16. Poverty Reduction Strategy Papers: Ministers reviewed progress with respect to the Poverty Reduction Strategy approach, endorsed at their September 1999 meeting as a way to strengthen the link between poverty reduction, HIPC debt relief and Bank and Fund concessional lending. They noted the growing momentum in the adoption of the approach and the positive response to it on the part of countries and development partners. Ministers recognized the challenges countries faced due, inter alia, to limited data and institutional capacity, but urged movement from interim to full poverty reduction strategy papers on a timely basis. While strongly reiterating the core principle of country ownership, Ministers called on the Bank, the Fund and other agencies to provide appropriate technical support for countries' strategy preparation efforts.
17. Comprehensive Development Framework: Ministers expressed support for the comprehensive approach to development reflected in the framework and welcomed the progress being made, and the lessons learned, in implementing it in pilot countries.
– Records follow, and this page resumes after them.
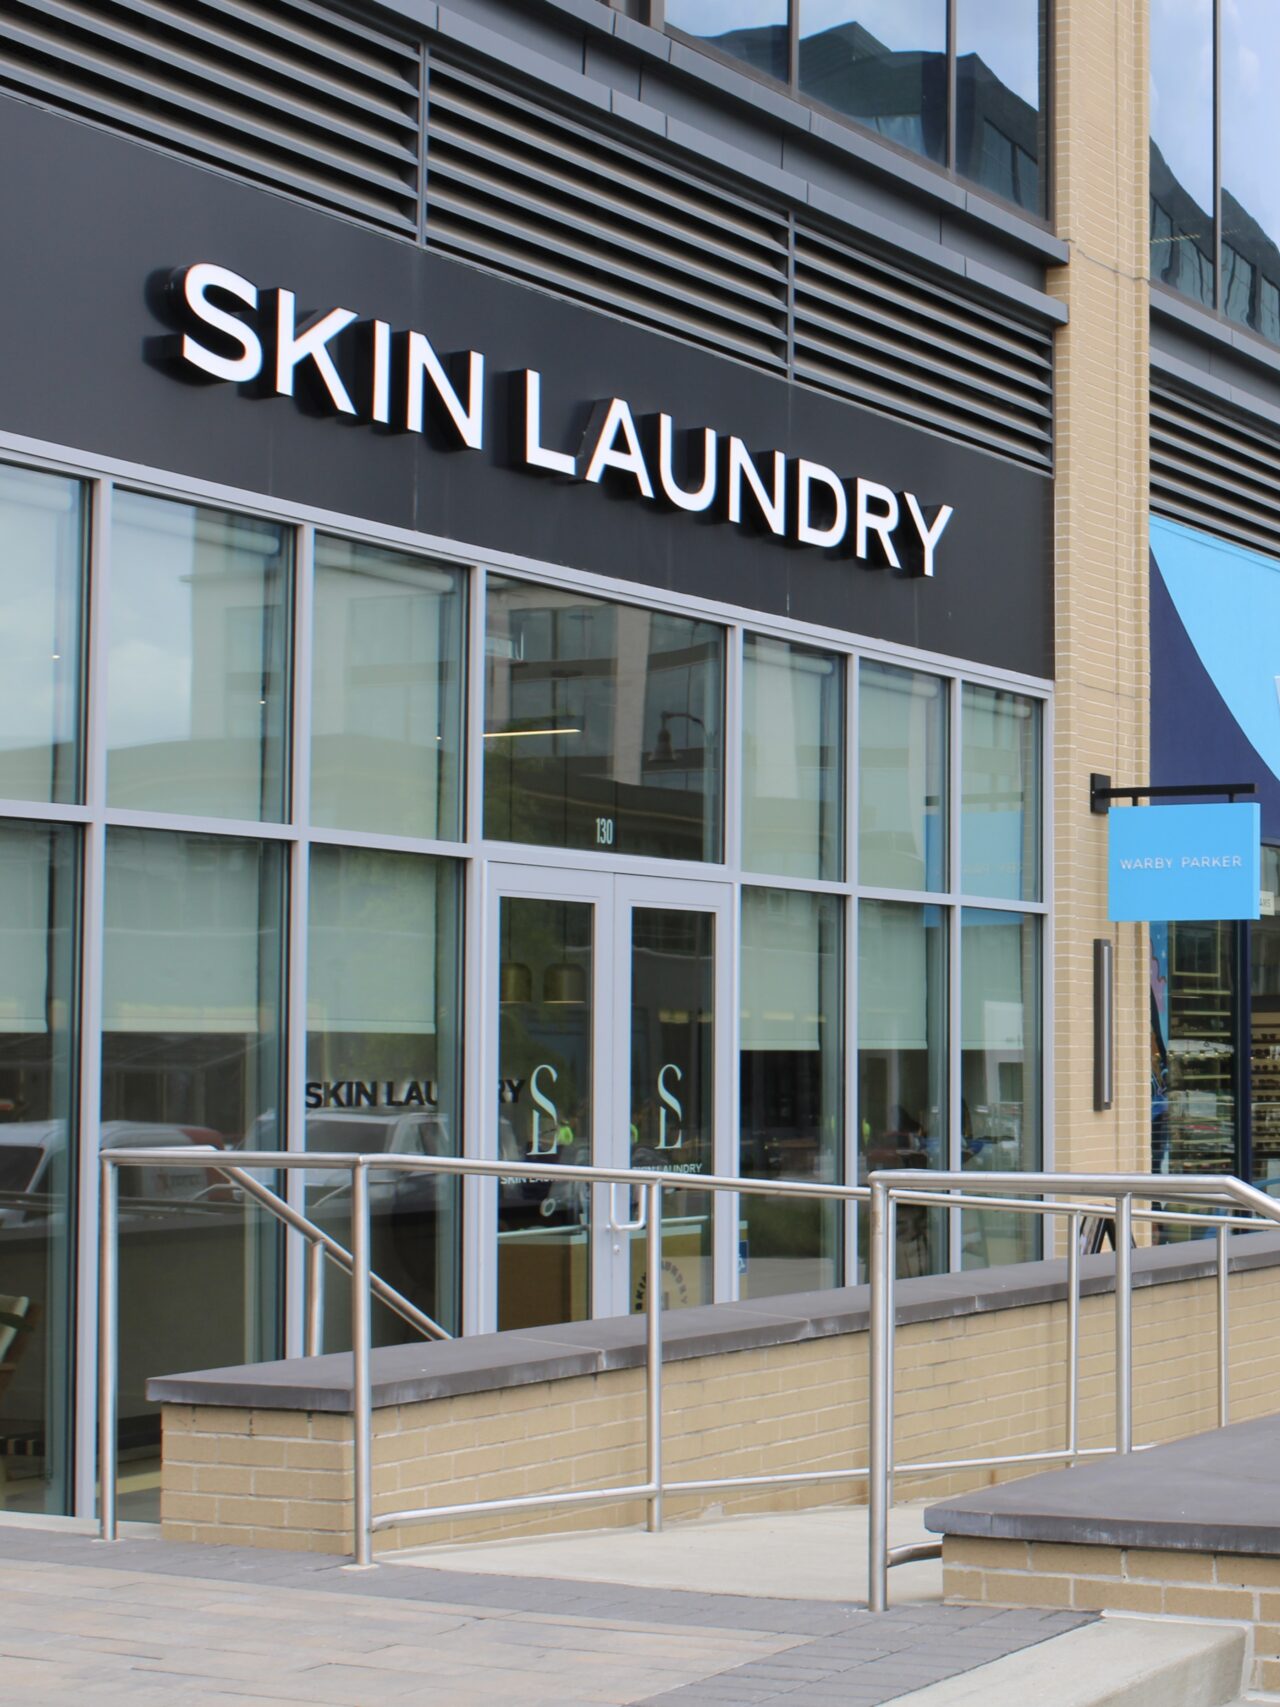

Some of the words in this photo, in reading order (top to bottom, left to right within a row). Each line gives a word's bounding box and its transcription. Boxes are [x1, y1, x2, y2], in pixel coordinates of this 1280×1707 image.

[182, 262, 486, 450] SKIN
[525, 368, 954, 578] LAUNDRY
[595, 817, 614, 845] 130
[1119, 856, 1174, 871] WARBY
[1180, 854, 1243, 870] PARKER
[305, 1079, 379, 1109] SKIN
They recognized that implementation is still at an early stage and many country-specific challenges remain, but noted that a wider application of the framework is already taking place in the preparation of Poverty Reduction Strategy Papers which are based on the framework's principles, particularly that of achieving strong country ownership. They looked forward to reports of further progress in implementing the comprehensive development framework.
18. IBRD Financial Capacity: Ministers reviewed the World Bank's updated report on this subject and confirmed that the Bank's finances remained sound. At the same time, Ministers recognized that the Bank's financial capacity may, in the case of significantly increased demand, limit its ability to respond. Ministers requésted management and the Executive Board to keep this subject under review, including the level of Bank reserves.
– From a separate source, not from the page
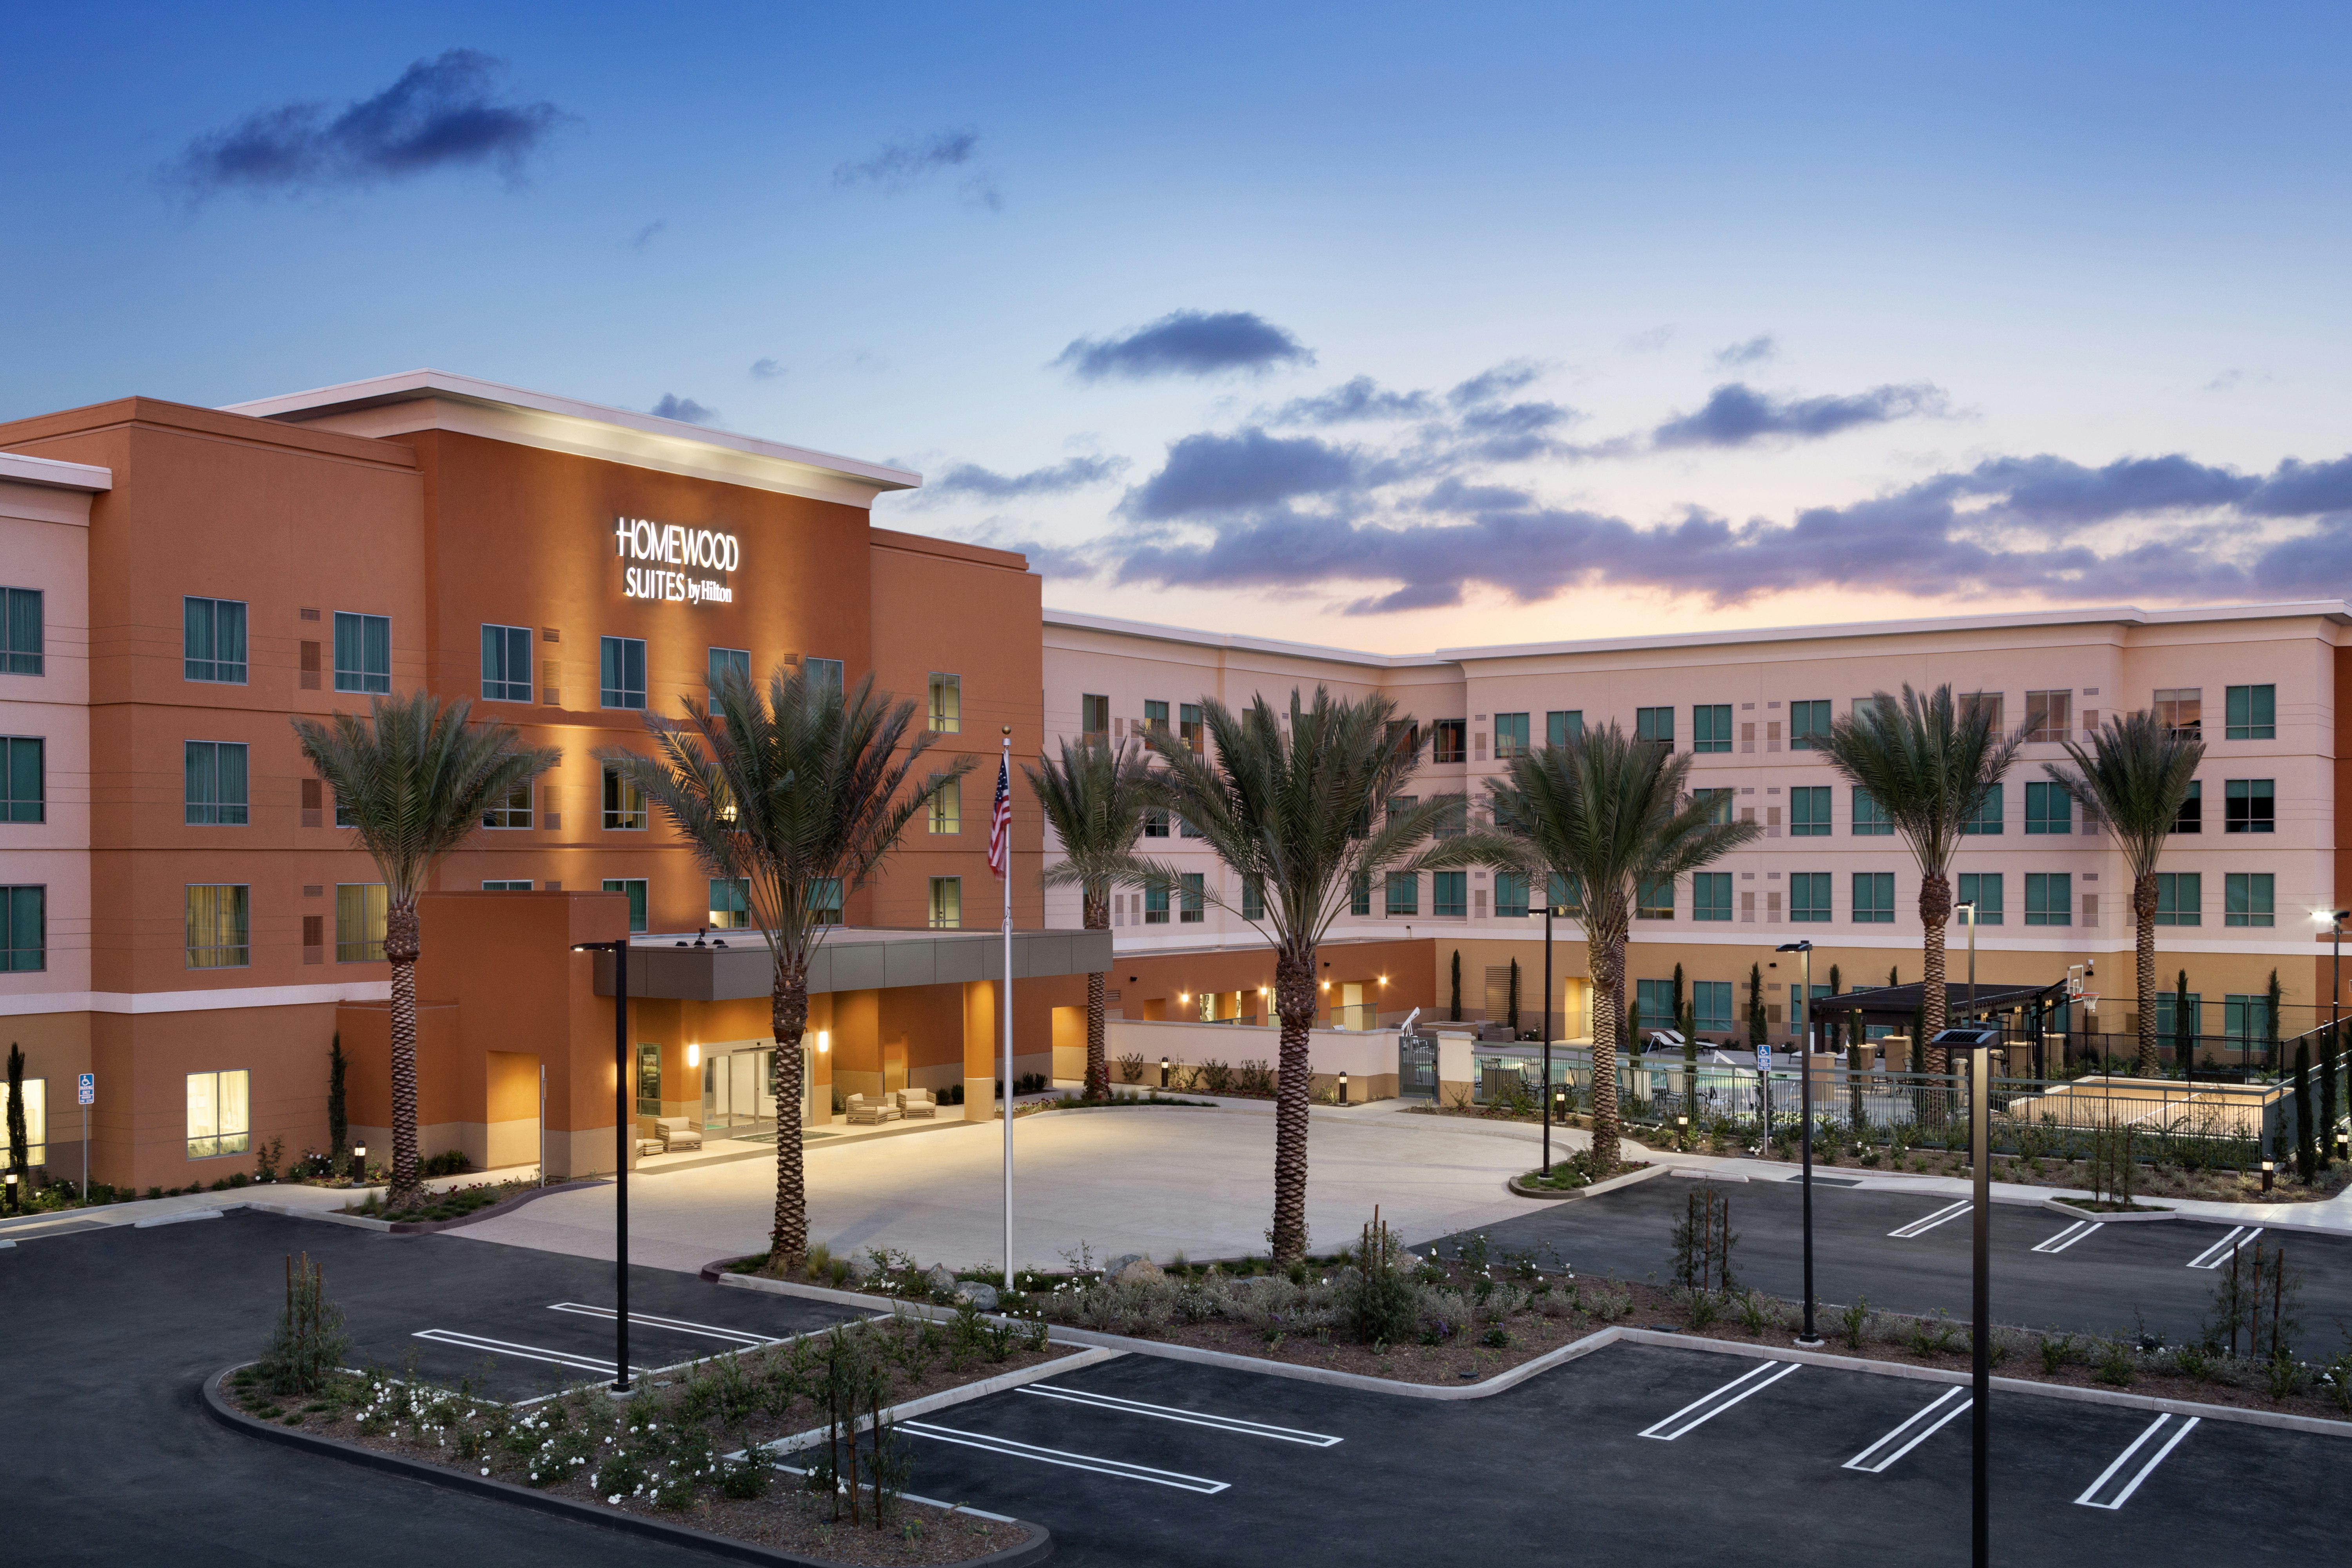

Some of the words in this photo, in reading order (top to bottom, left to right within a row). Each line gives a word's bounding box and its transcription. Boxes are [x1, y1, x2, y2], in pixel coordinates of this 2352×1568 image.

19. Bank/Fund Staff: Ministers took this opportunity to express, on behalf of all member governments, their appreciation to Fund and Bank staff for their continued hard work and high level of dedicated service for the goals of the Bretton Woods Institutions.
20. Note of Appreciation: Ministers expressed their deep gratitude for the warm hospitality and support provided by the Czech authorities and the people of the Czech Republic.
21. Next Meeting: The Committee's next meeting is scheduled for April 30, 2001 in Washington, D.C.
1 Mr. James Wolfensohn, President of the World Bank; Mr. Horst Köhler, Managing Director of the International Monetary Fund, and Mr. Carlos Saito, Chairman of the Group of Twenty-four, addressed the plenary session. Observers from a number of international and regional organizations also attended.